The pervasiveness of busyness is such that we may not even notice it anymore. A patient of mine wanted to be tested for anemia–why else could she be so tired? It didn’t occur to her that working full time, going to school, and caring for a severely disabled child might have something to do with her exhaustion.
An editorial last year suggested that busyness is a problem of privilege, that we take on extra activities voluntarily to boost our egos and salve our anxiety. “Our frantic days are really just a hedge against emptiness,” the editorialist argued.
That may be true, for some. Padding your kids’ resumes by running them (and yourself) ragged with hockey and Mandarin and ballroom dancing is unnecessary and probably not as much fun for kids or parents as sitting around in your pajamas eating Fluffernutter sandwiches and watching Simpsons reruns.
But for many of the patients I see, giving up unnecessary busyness is not the challenge. It’s a job that used to be done by two people; eldercare that, in a previous generation, would have been shared among family members who lived close by; a boss who expects an email to be answered at 2am because … it can be.
For the poor, as this recent editorial by science writer Moises Velasquez-Manoff points out, stress has a particularly pernicious effect on health. Velasquez-Manoff points out that it’s not busyness itself, but lack of control and resources to deal with stress that busyness engenders that makes poor people less healthy than rich people. He writes:
It’s not necessarily the strain of a chief executive facing a lengthy to-do list, or a well-to-do parent’s agonizing over a child’s prospects of acceptance to an elite school. Unlike those of lower rank, both the C.E.O. and the anxious parent have resources with which to address the problem. By definition, the poor have far fewer.
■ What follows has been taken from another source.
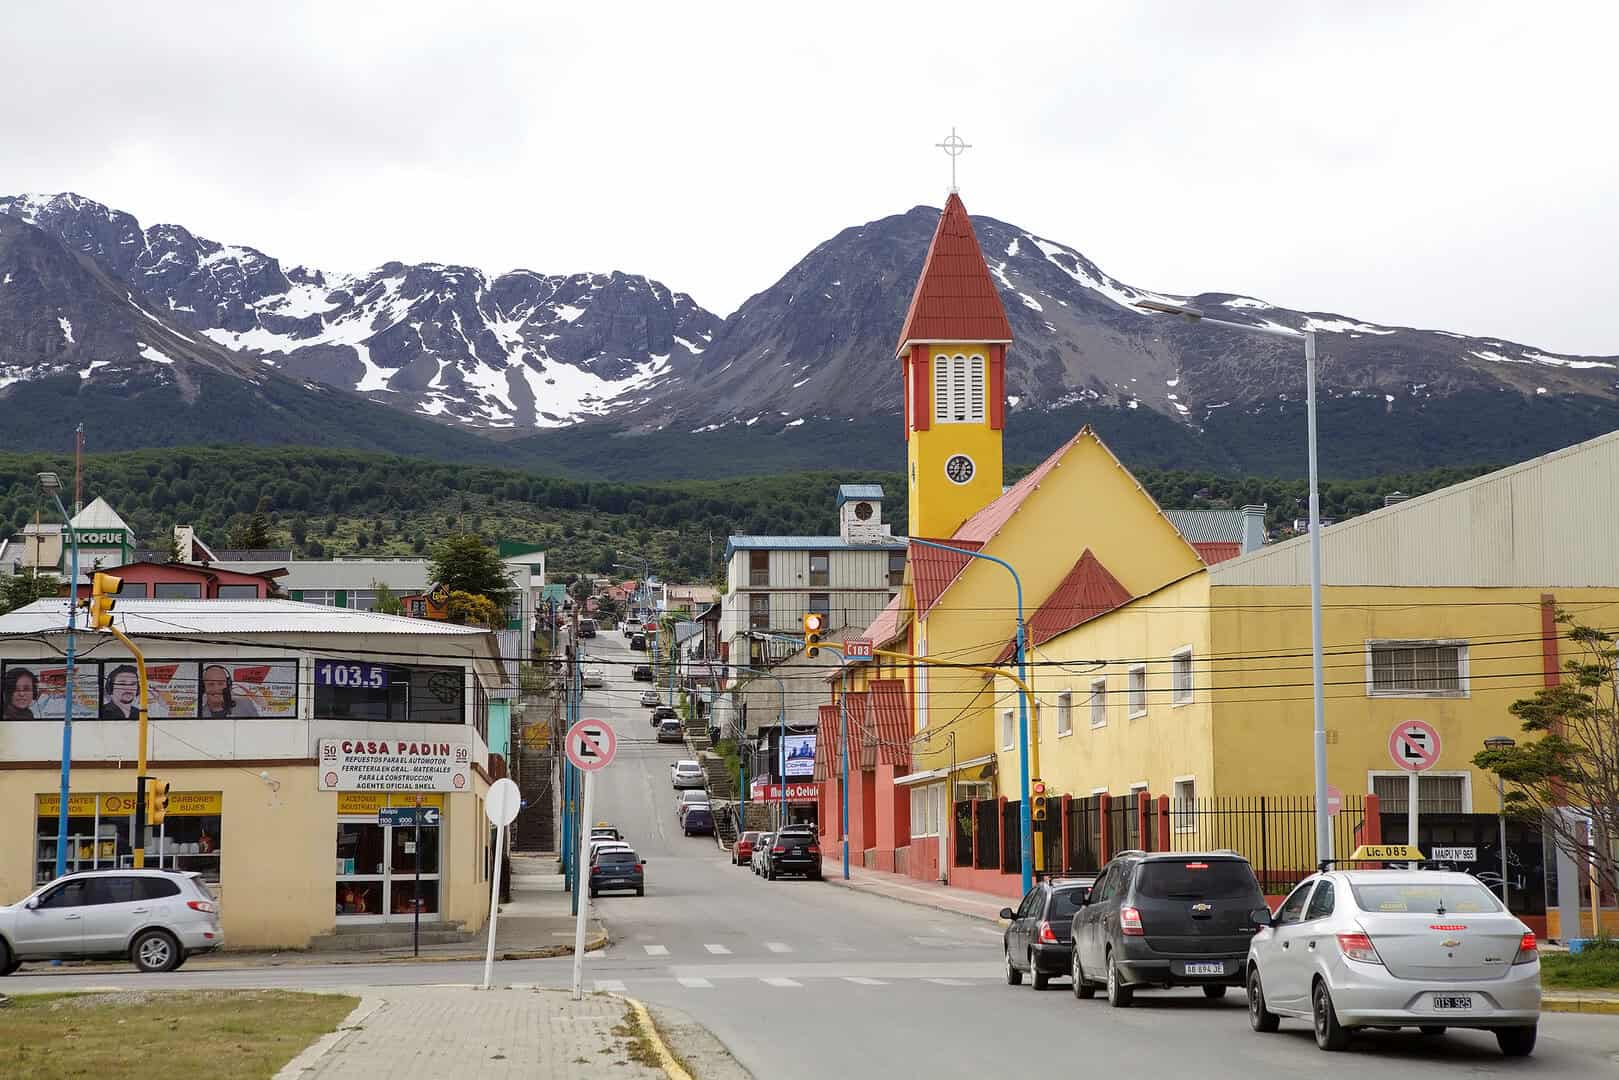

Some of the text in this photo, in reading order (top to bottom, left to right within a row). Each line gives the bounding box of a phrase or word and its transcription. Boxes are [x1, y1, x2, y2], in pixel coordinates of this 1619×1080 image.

Which begs the question as to why those of us who do have some control and resources voluntarily drive ourselves to the point where we need to consult a physician about the consequences of our self-induced stress.
I’ve been thinking about this and plan to sit down and figure out which activities I can eliminate, as soon as I have the bandwidth.
Suzanne Koven is an internal medicine physician and a Boston Globe columnist. She blogs at In Practice at Boston.com, where this article originally appeared. She is the author of Say Hello To A Better Body: Weight Loss and Fitness For Women Over 50.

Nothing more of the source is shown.